I would like every record reproduced exactly, with the pictures left out.
BEGIN Data
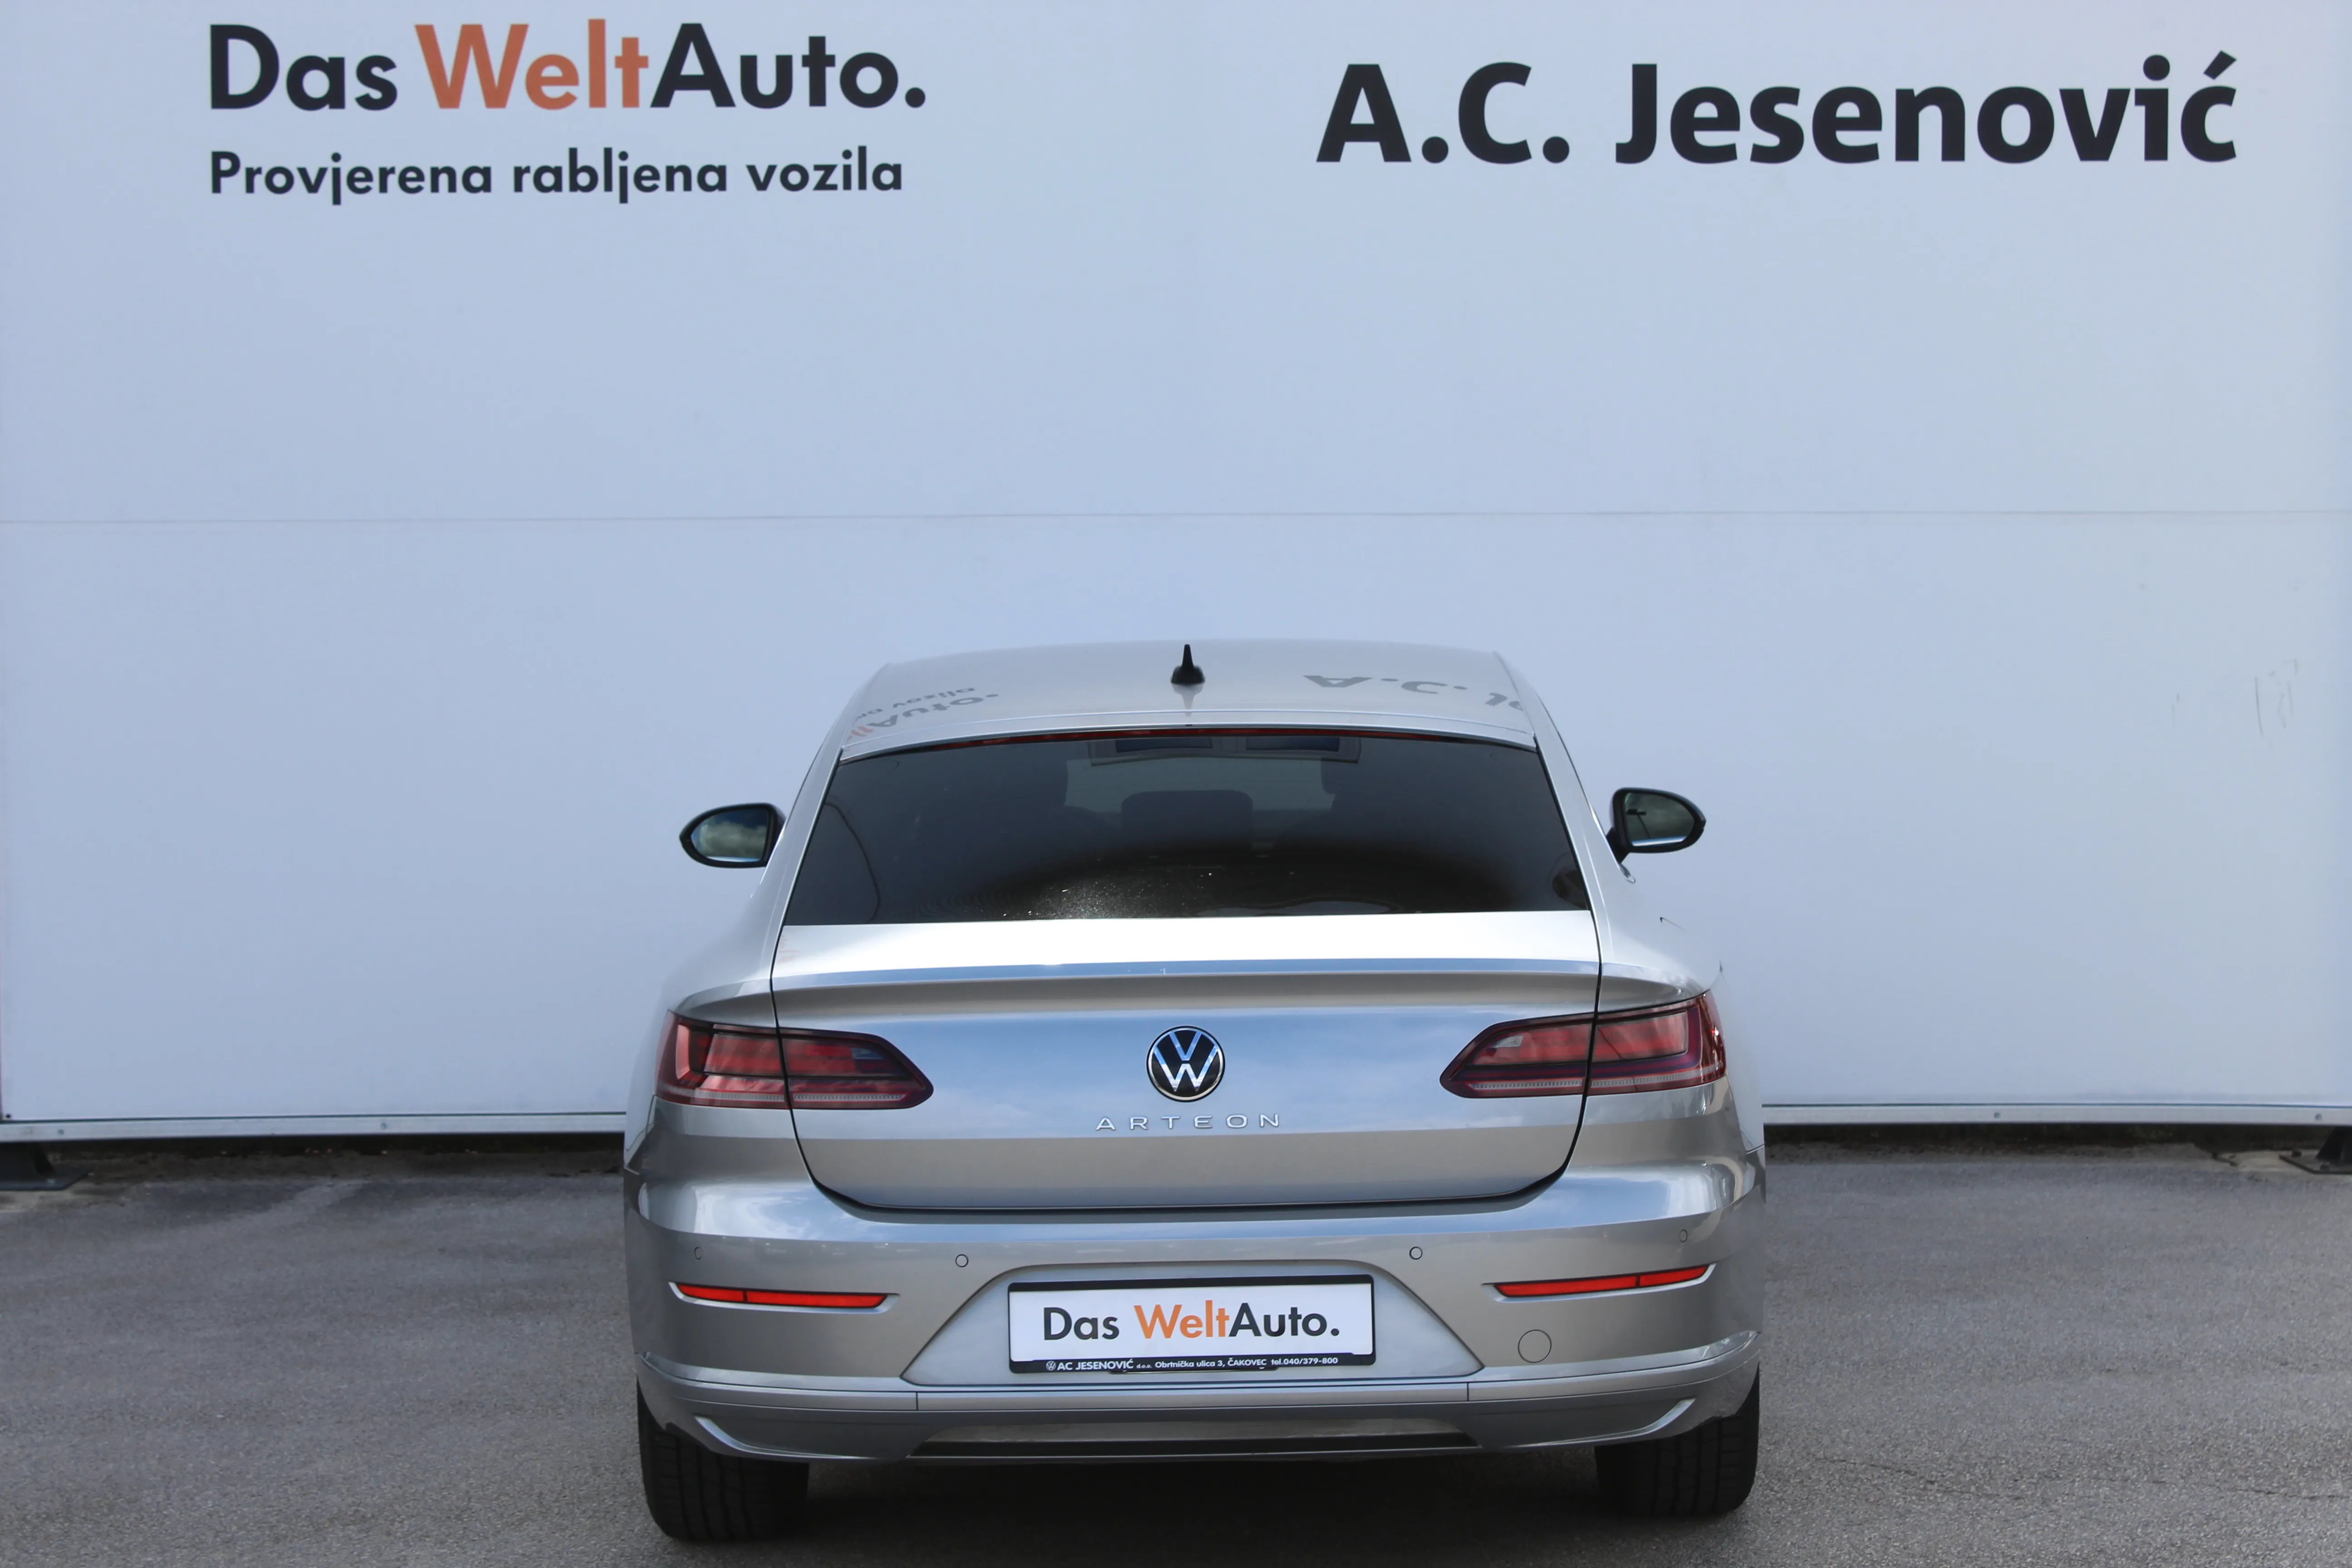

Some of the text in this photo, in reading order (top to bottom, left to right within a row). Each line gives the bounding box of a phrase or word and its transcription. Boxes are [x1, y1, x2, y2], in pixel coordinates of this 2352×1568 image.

[210, 19, 926, 111] Das WeltAuto.
[1317, 50, 2237, 164] A.C. Jesenović
[211, 145, 902, 206] Provjerena rabljena vozila
[1095, 1114, 1279, 1131] ARTEON
[1044, 1300, 1340, 1341] Das WeltAuto.
[1057, 1362, 1073, 1370] AC
[1075, 1358, 1134, 1370] JESENOVIĆ
[1155, 1360, 1195, 1368] Obrtnička
[1228, 1357, 1267, 1367] ČAKOVEC
[1271, 1357, 1338, 1365] tel.040/379-800
END Data
* [Solution to the problem]
Some of the text in this photo, in reading order (top to bottom, left to right within a row). Each line gives the bounding box of a phrase or word and its transcription. Boxes are [x1, y1, x2, y2], in pixel coordinates of this 2352×1568 image.

[210, 19, 926, 111] Das WeltAuto.
[1317, 50, 2237, 164] A.C. Jesenović
[211, 145, 902, 206] Provjerena rabljena vozila
[1095, 1114, 1279, 1131] ARTEON
[1044, 1300, 1340, 1341] Das WeltAuto.
[1057, 1362, 1073, 1370] AC
[1075, 1358, 1134, 1370] JESENOVIĆ
[1155, 1360, 1195, 1368] Obrtnička
[1228, 1357, 1267, 1367] ČAKOVEC
[1271, 1357, 1338, 1365] tel.040/379-800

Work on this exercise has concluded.